Testing the Volatility: Summary

I think it’s worth summarizing once again since there’s been a lot of back and forth, though I hope that the intervening discussion has been at least partially rather than just frustrating Please let me know if there still any points of contention, mistaken assumptions, or outright incorrectness in the following:

An imaginary, black-box rating system that’s exceptionally (not just decently, but exceptionally) good at predicting outcomes on a given set of games will probably be uselessly volatile.

Part of this volatility may come from overfitting, which may be ameliorated in a number of ways.

Another part of this volatility may come from the fact that it’s just hard to accurately describe the chaos of human games and uneven interactions simply by comparing a single, relatively stable number. However, it depends on how you define “accurately”, with the more concerning definition being “percentage of games in which the player of a higher rank won”, or metrics derived from similar concepts. Many of @esporajam and other’s ideas for measuring accuracy are not of this type, but it’s worth noting especially given that the WHR paper did actually use the former type of metric.

This does not mean that a model which favors relatively stable rank can’t be relatively good at making predictions (however you quantify “good”), just that trying to push predictive accuracy too far may be counterproductive. It also doesn’t mean that a highly-accurate predictive model actually exists either. I just suspect that if it did exist, it would be highly volatile in the general case.

Another key dichotomy is systems that are implemented explicitly to describe win outcomes (like WHR) vs. systems that are implemented on concepts related to game outcomes/wins but not solely based on modeling observed outcomes (like Glicko). The latter type may also do a decent job of describing win outcomes, but the former is again more what I am concerned about in terms of introducing unwanted volatility. That said, I realize that my assumption that the former kind of model was even under consideration at all may be completely wrong! (sorry for so many former and latters…)

Models also differ in whether they are allowed to update all ranks when new data is available, or just the ranks involved in the new game records. The former case is largely what I’m concerned about, again because this kind of freedom is likely to result in volatility if the metric for “success” is a simplistic calculation of predictive success.

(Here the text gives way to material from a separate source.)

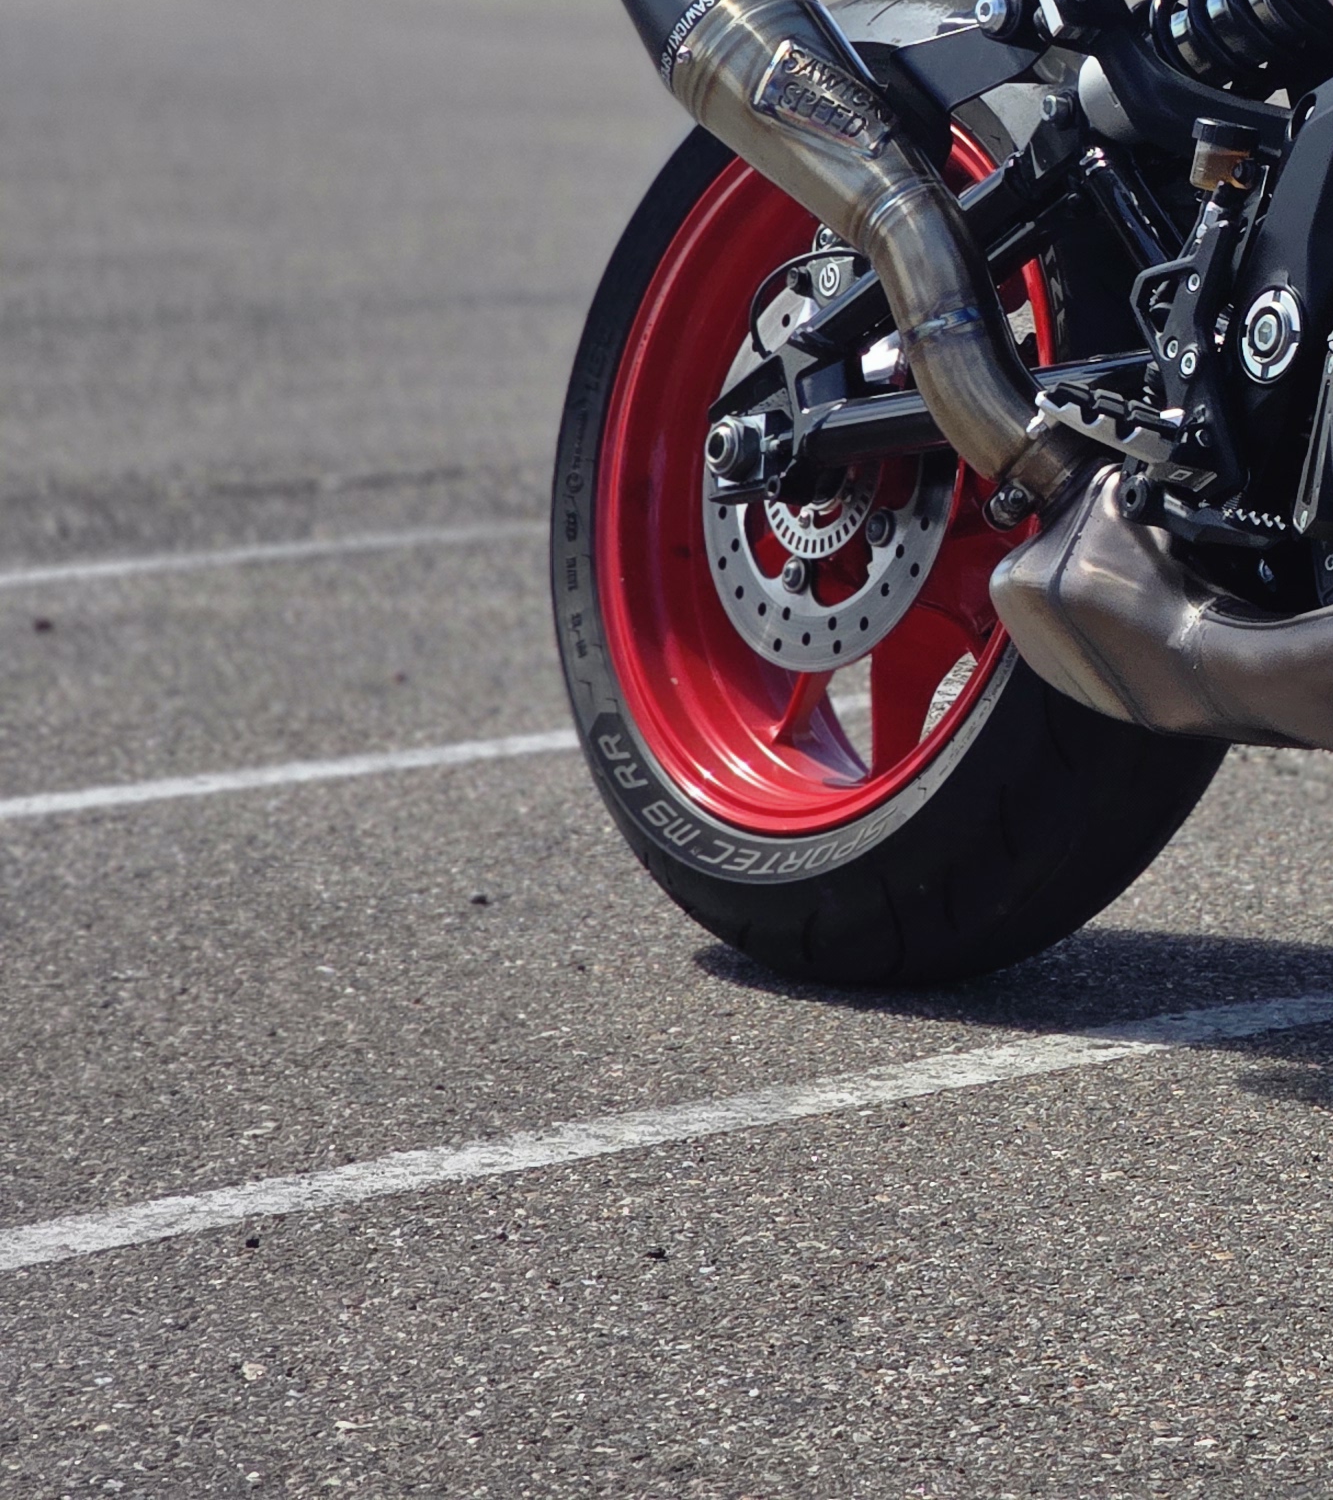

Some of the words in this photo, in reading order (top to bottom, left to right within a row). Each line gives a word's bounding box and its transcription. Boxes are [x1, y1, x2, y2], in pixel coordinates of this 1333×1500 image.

[778, 81, 870, 138] SPEED
[597, 734, 649, 790] RR
[697, 805, 897, 875] SPORTEC

There is also the consideration of how often rank updates should occur.

All of these implementation details may result in widely varying behaviors, and overall I just want to note that if the wrong metric is used to evaluate them, a model that looks really good on paper (in a predictive sense) may be not at all the desired ranking system for OGS.

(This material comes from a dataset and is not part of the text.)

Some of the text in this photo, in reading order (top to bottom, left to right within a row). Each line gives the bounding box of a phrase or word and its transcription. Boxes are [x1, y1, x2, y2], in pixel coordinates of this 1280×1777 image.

The model in the WHR paper is of the type that my concerns are most relevant to:

• It is explicitly designed to explain observed game outcomes in that it provides a maximum a posteriori estimate of the rank of each player, given a set of games
• In its pure form (ignoring the paper’s proposal of less accurate but more incremental updates), it calculates this estimate using all games across all players
• Its metric for success is basically just the percentage of game outcomes correctly predicted by the assigned ranks

Of particular note in this model, it’s possible that the MAP rank estimates at a given time, while being the best in a predictive sense, may overlook or misclassify certain players in the quest for global optimality. A future MAP estimate recalculated on new games (which may involve those players more often) may suddenly focus more on those players, altering their ranks more than one might expect. They do acknowledge this potentiality, and specifically construct their prior distribution “to avoid huge jumps in ratings”, but we would have to test what the MAP estimation process does to a specific player’s rank over time, especially in a chaotic server like OGS with new players, long correspondence games, large breaks in playing, etc. @meili_yinhua may be able to give a better idea of the extent of this problem and whether or not there exists any kind of upper bound on rank changes during the estimation process, as I’m still not fully familiar with the WHR method. If I’m interpreting correctly, there is an upper bound on this type of volatility, and in fact it is controllable through the w parameter used to describe Wiener process used as a prior. However, the question still remains of whether a sufficiently low w for our idea of “acceptable” volatility enables the WHR to still provide any significant gain in predictive accuracy over other types of models.

This again goes back to the idea of “pools” of players that mostly play within themselves. It is possible that a system will assign stable, predictive intra-pool ranks. However, inter-pool interactions may then cause inescapable volatility as the relative ranks of people in both pools are adjusted.

Anecdotally, I’ve noticed on occasion that I’ll play a new (to me) player in a tournament, and find that they “feel” a bit stronger or weaker than I’d expect, even though their rank uncertainty is relatively low. After the tournament concludes, I’ll see that player’s rank stabilized to a value closer to what I might expect. This is again totally anecdotal, but it does provide potential evidence for the idea of apparent volatility stemming from different pools of players interacting suddenly and needing to stabilize relative ranks.

The WHR paper also considers this:

“For instance, if two players, A and B, enter the rating system at the same time and play many games against each other, and none against established opponents, then their relative strength will be correctly estimated, but not their strength with respect to the other players. If player A then plays against established opponents, and its rating changes, then the rating of player B should change too.”

Again, however, I believe their solution may not be what we want. In a model more similar to the current one, it might be worthwhile to consider not only rank uncertainty, but also rank uncertainty with respect to the specific players involved in a given pairing.